* Work instructions: Every entry should be returned unchanged, with the pictures omitted.

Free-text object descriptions

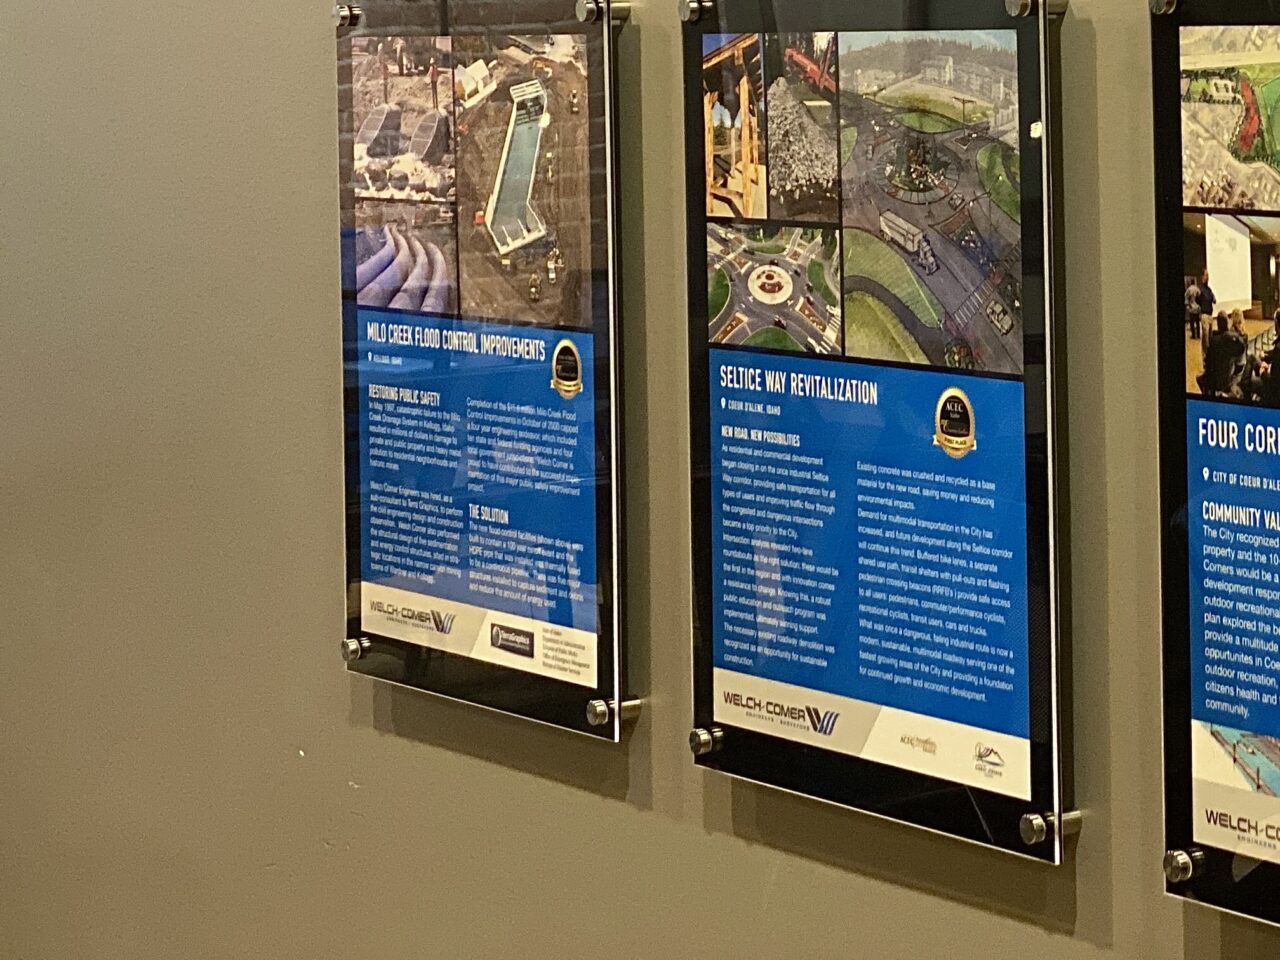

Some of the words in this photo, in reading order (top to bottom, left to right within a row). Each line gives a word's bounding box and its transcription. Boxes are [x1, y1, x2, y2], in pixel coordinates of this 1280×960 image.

[367, 322, 386, 343] MILO
[388, 324, 413, 345] CREEK
[415, 326, 440, 348] FLOOD
[442, 330, 478, 353] CONTROL
[480, 334, 545, 361] IMPROVEMENTS
[369, 384, 398, 401] RESTORING
[399, 388, 419, 404] PUBLIC
[420, 391, 439, 406] SAFETY
[720, 366, 761, 391] SELTICE
[765, 370, 786, 394] WAY
[790, 373, 877, 404] REVITALIZATION
[721, 426, 732, 437] NEW
[750, 430, 762, 441] NEW
[763, 431, 800, 446] POSSIBILITIES
[1198, 418, 1238, 449] FOUR
[1212, 471, 1227, 483] CITY
[1229, 473, 1237, 484] OF
[1239, 474, 1260, 488] COEUR
[469, 504, 479, 519] THE
[480, 506, 508, 524] SOLUTION
[1202, 501, 1260, 528] COMMUNITY
[1203, 525, 1217, 538] The
[1219, 528, 1234, 543] City
[1236, 533, 1279, 548] recognized

* Exercise result:
Some of the words in this photo, in reading order (top to bottom, left to right within a row). Each line gives a word's bounding box and its transcription. Boxes are [x1, y1, x2, y2], in pixel coordinates of this 1280×960 image.

[367, 322, 386, 343] MILO
[388, 324, 413, 345] CREEK
[415, 326, 440, 348] FLOOD
[442, 330, 478, 353] CONTROL
[480, 334, 545, 361] IMPROVEMENTS
[369, 384, 398, 401] RESTORING
[399, 388, 419, 404] PUBLIC
[420, 391, 439, 406] SAFETY
[720, 366, 761, 391] SELTICE
[765, 370, 786, 394] WAY
[790, 373, 877, 404] REVITALIZATION
[721, 426, 732, 437] NEW
[750, 430, 762, 441] NEW
[763, 431, 800, 446] POSSIBILITIES
[1198, 418, 1238, 449] FOUR
[1212, 471, 1227, 483] CITY
[1229, 473, 1237, 484] OF
[1239, 474, 1260, 488] COEUR
[469, 504, 479, 519] THE
[480, 506, 508, 524] SOLUTION
[1202, 501, 1260, 528] COMMUNITY
[1203, 525, 1217, 538] The
[1219, 528, 1234, 543] City
[1236, 533, 1279, 548] recognized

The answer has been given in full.